### GIVEN INFORMATION
——

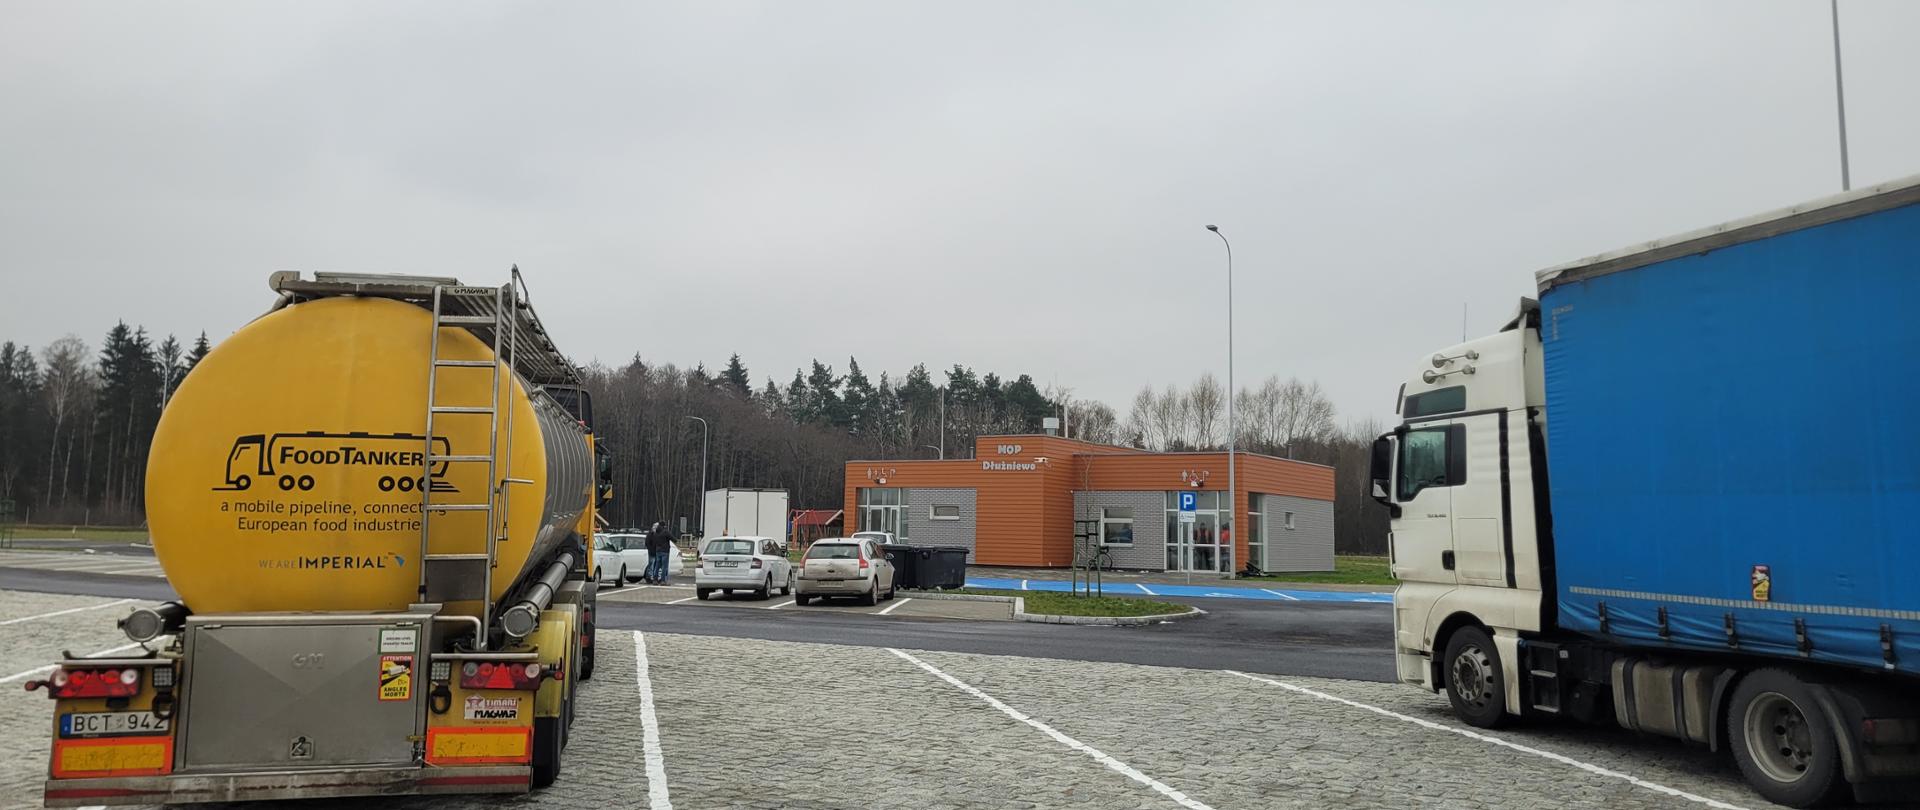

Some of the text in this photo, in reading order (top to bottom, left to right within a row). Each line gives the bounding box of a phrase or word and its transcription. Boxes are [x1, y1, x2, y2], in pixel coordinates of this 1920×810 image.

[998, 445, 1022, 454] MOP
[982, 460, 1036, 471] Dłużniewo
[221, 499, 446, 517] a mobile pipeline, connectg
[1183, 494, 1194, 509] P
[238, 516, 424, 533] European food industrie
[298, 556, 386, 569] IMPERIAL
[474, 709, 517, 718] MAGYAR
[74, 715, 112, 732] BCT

——

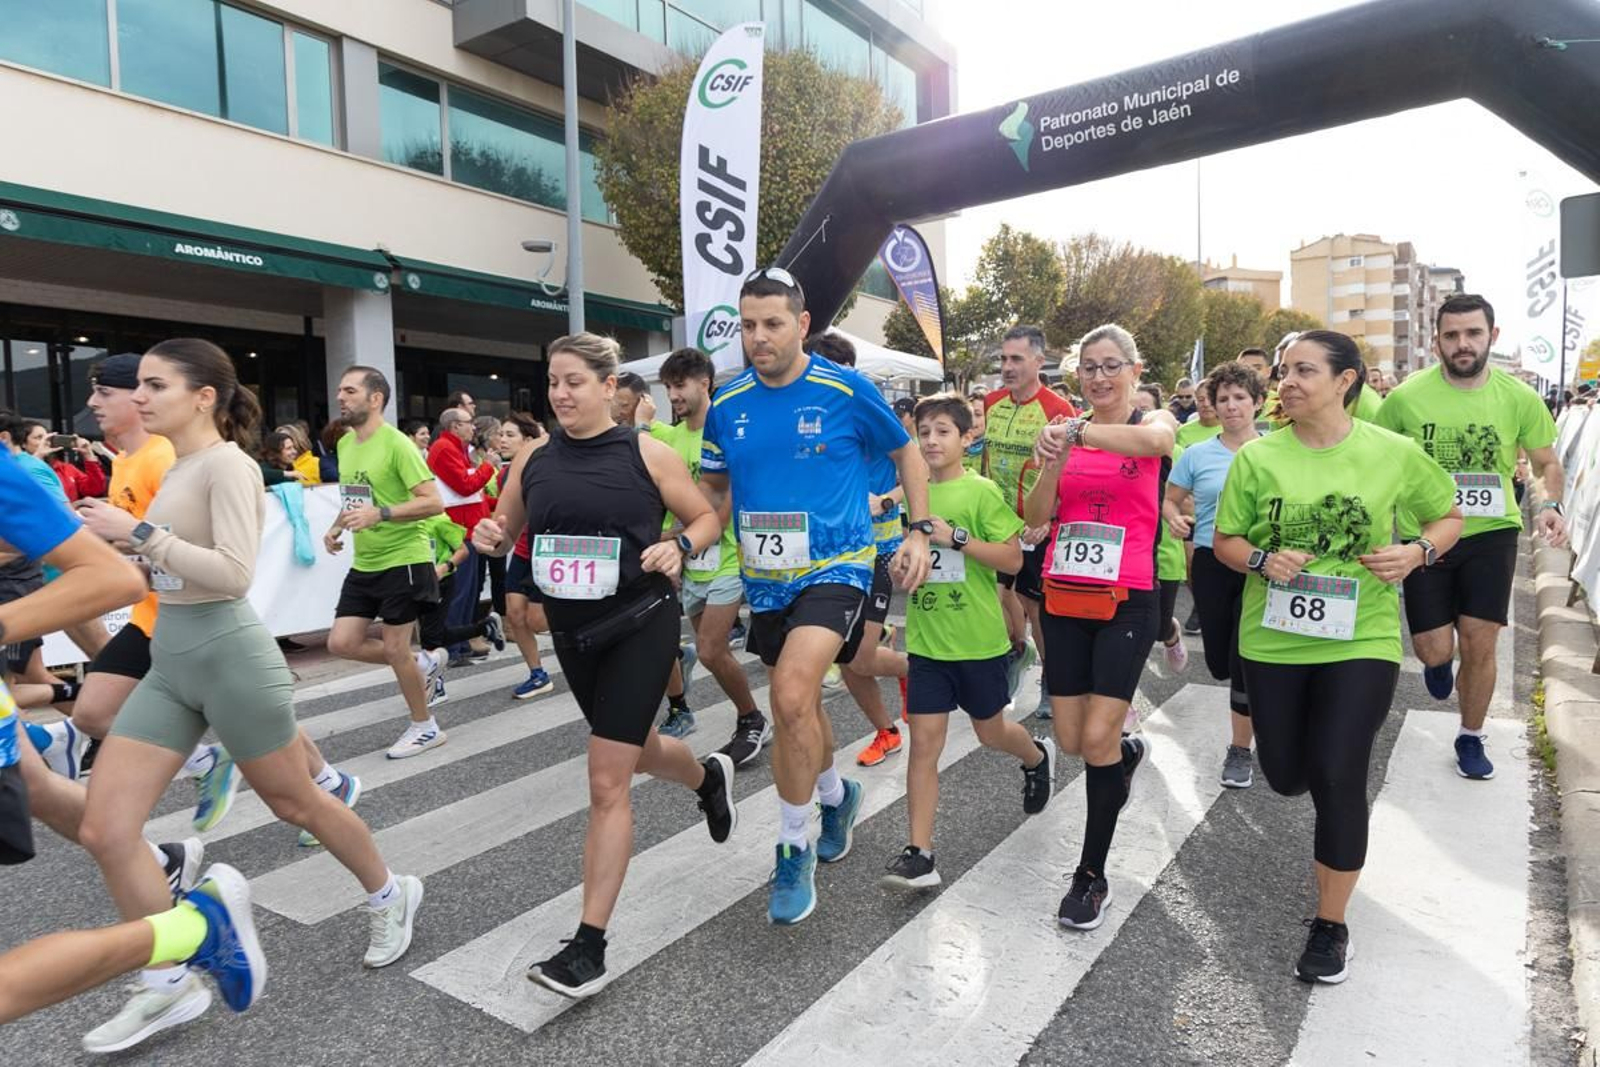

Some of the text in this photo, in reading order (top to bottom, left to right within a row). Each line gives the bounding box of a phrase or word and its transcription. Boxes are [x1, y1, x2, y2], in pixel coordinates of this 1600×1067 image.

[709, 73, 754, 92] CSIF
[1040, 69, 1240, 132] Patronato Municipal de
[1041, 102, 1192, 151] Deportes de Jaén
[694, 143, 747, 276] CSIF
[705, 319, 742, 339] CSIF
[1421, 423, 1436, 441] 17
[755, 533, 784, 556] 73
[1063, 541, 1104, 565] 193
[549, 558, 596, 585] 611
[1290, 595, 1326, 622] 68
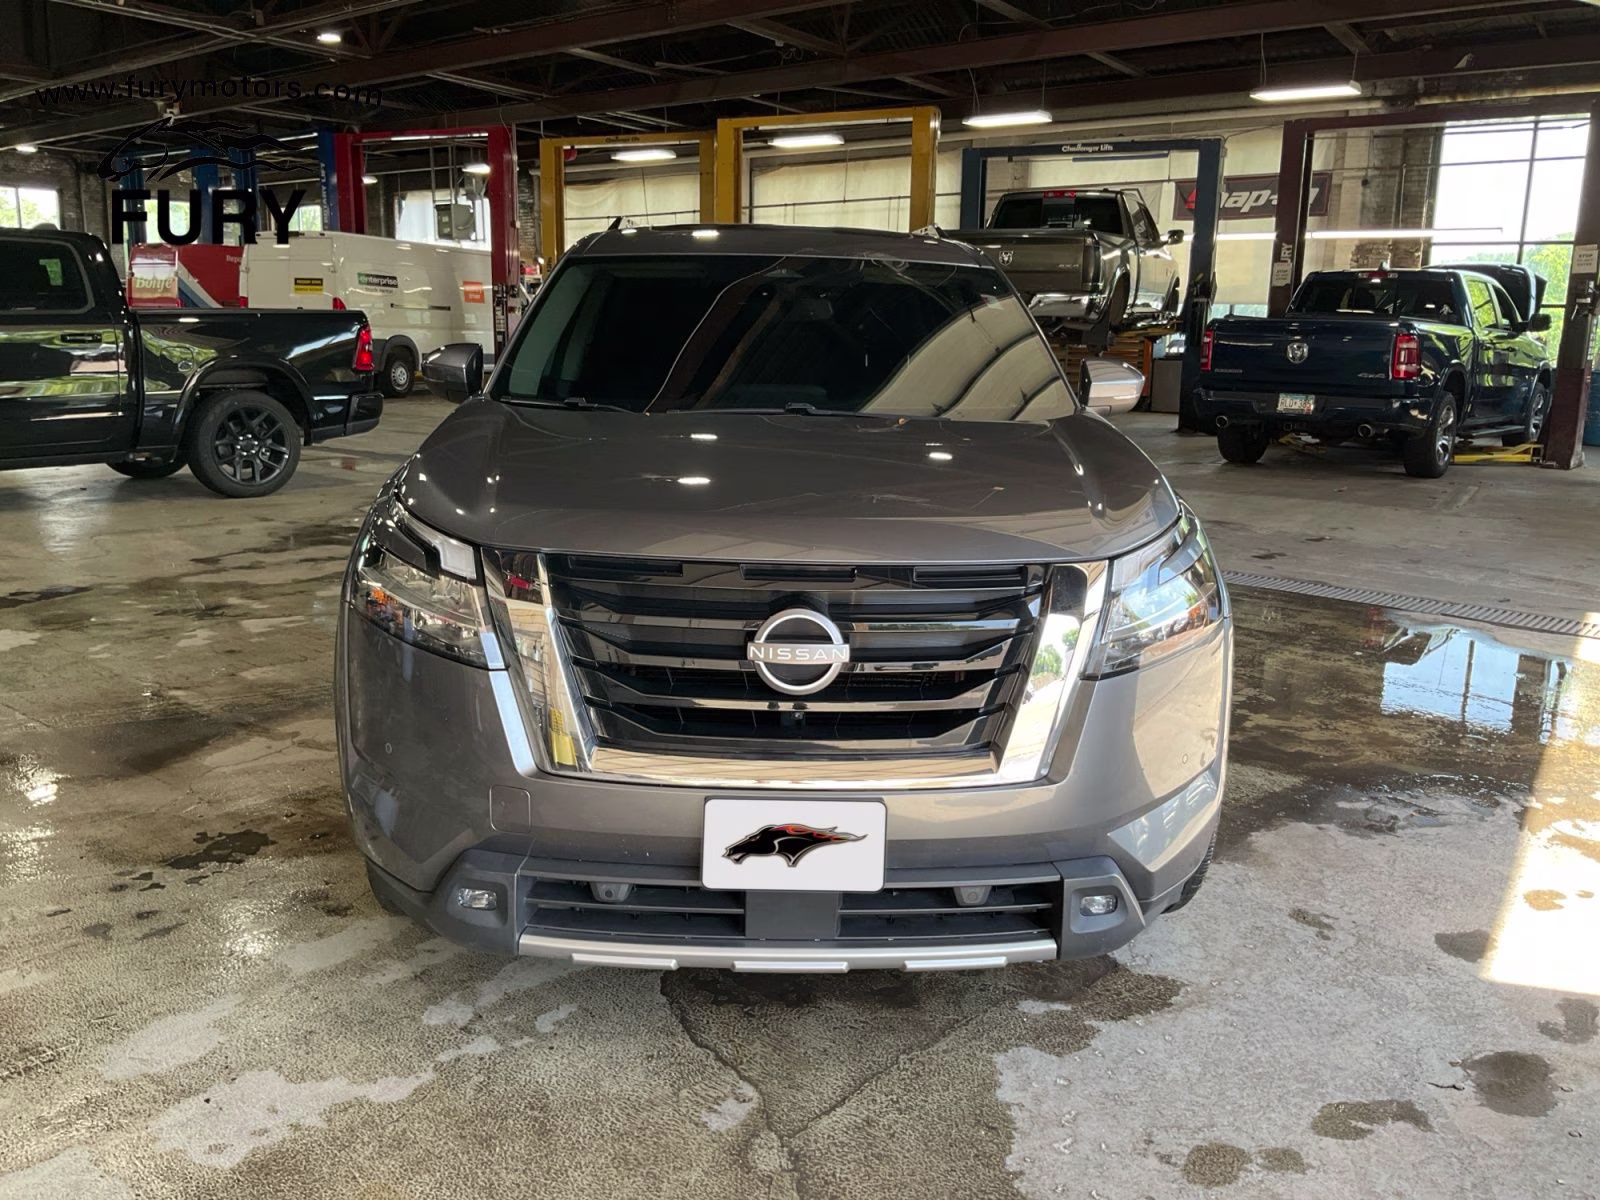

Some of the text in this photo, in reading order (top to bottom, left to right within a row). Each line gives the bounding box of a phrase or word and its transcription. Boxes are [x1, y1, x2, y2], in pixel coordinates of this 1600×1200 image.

——

### EXERCISE BRIEF
Print exactly, with no pictures, the lines above from the one that holds "this 1600×1067 image." through the one that holds "this 1600×1200 image.", both of them included.

### OUTPUT BELOW
Some of the text in this photo, in reading order (top to bottom, left to right within a row). Each line gives the bounding box of a phrase or word and its transcription. Boxes are [x1, y1, x2, y2], in pixel coordinates of this 1600×1067 image.

[709, 73, 754, 92] CSIF
[1040, 69, 1240, 132] Patronato Municipal de
[1041, 102, 1192, 151] Deportes de Jaén
[694, 143, 747, 276] CSIF
[705, 319, 742, 339] CSIF
[1421, 423, 1436, 441] 17
[755, 533, 784, 556] 73
[1063, 541, 1104, 565] 193
[549, 558, 596, 585] 611
[1290, 595, 1326, 622] 68

Some of the text in this photo, in reading order (top to bottom, left to right within a row). Each line gives the bounding box of a phrase or word and its transcription. Boxes are [x1, y1, x2, y2], in pixel coordinates of this 1600×1200 image.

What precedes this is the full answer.